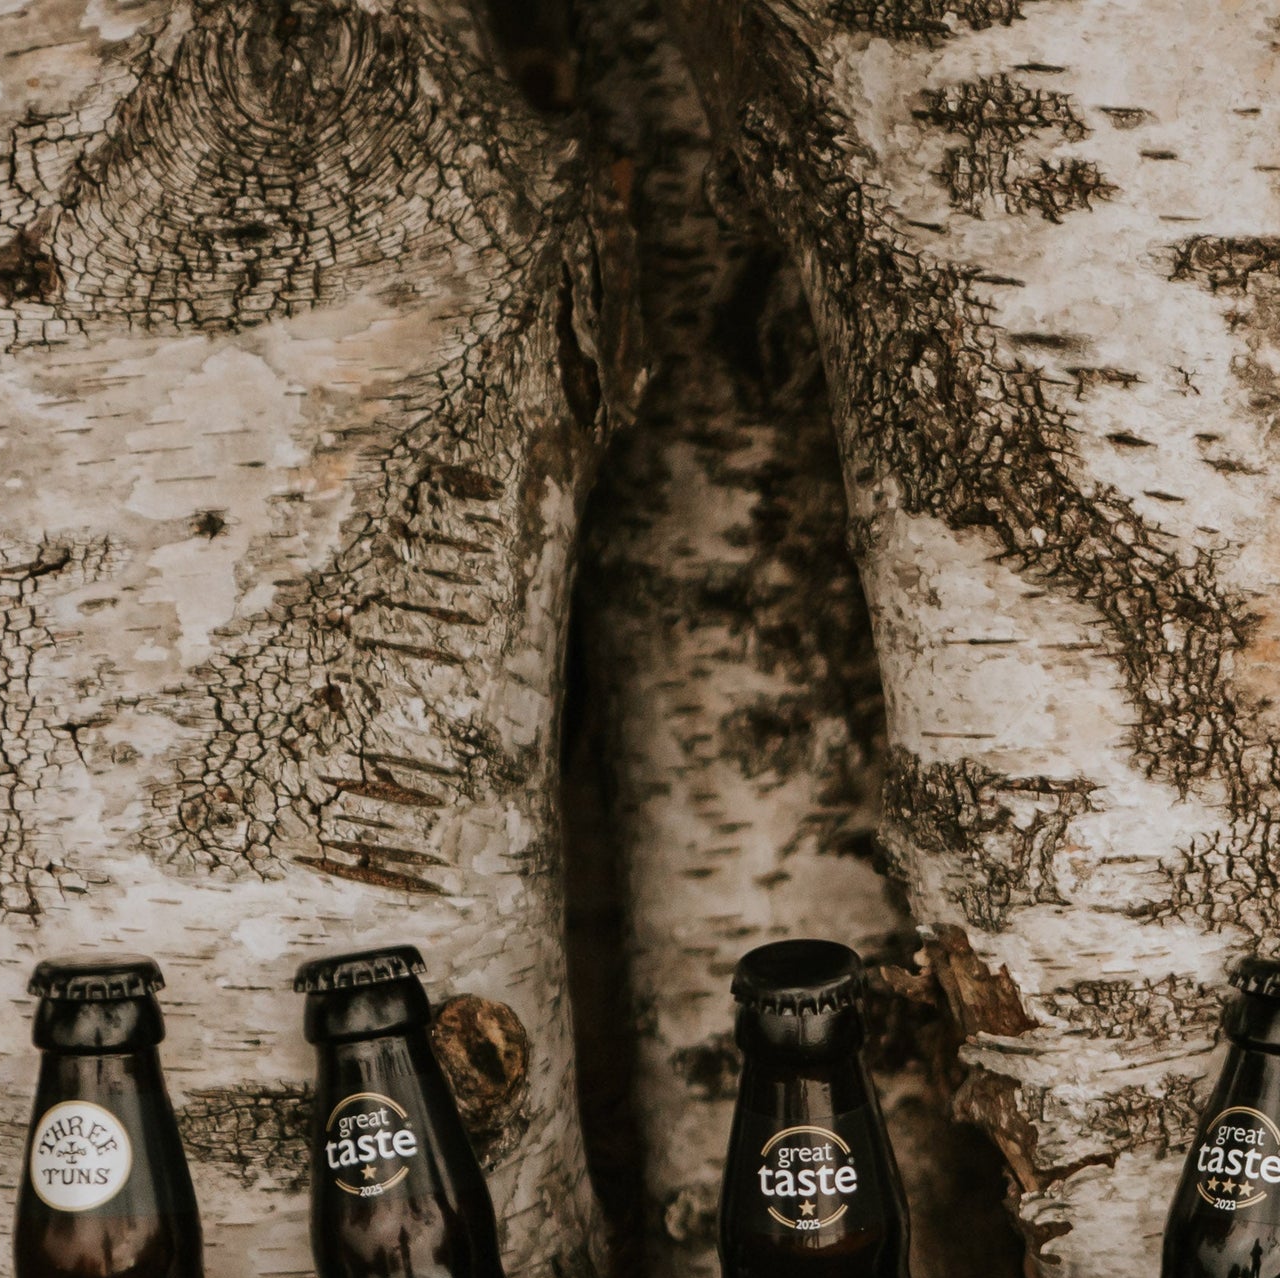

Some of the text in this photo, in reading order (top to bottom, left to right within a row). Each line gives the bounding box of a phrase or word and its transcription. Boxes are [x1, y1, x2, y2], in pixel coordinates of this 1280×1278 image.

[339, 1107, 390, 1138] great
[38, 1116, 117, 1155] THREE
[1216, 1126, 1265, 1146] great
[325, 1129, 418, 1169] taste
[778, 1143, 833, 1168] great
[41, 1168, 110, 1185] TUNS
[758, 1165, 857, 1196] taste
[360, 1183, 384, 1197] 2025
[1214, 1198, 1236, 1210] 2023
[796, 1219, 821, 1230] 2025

★ ★ ★ ★ ★ ★ ★

INSTRUCTIONS FOR THE TASK: Output the whole listing without change. Any picture is to be left out.

SOLUTION TO THIS PROBLEM:
Some of the text in this photo, in reading order (top to bottom, left to right within a row). Each line gives the bounding box of a phrase or word and its transcription. Boxes are [x1, y1, x2, y2], in pixel coordinates of this 1280×1278 image.

[339, 1107, 390, 1138] great
[38, 1116, 117, 1155] THREE
[1216, 1126, 1265, 1146] great
[325, 1129, 418, 1169] taste
[778, 1143, 833, 1168] great
[41, 1168, 110, 1185] TUNS
[758, 1165, 857, 1196] taste
[360, 1183, 384, 1197] 2025
[1214, 1198, 1236, 1210] 2023
[796, 1219, 821, 1230] 2025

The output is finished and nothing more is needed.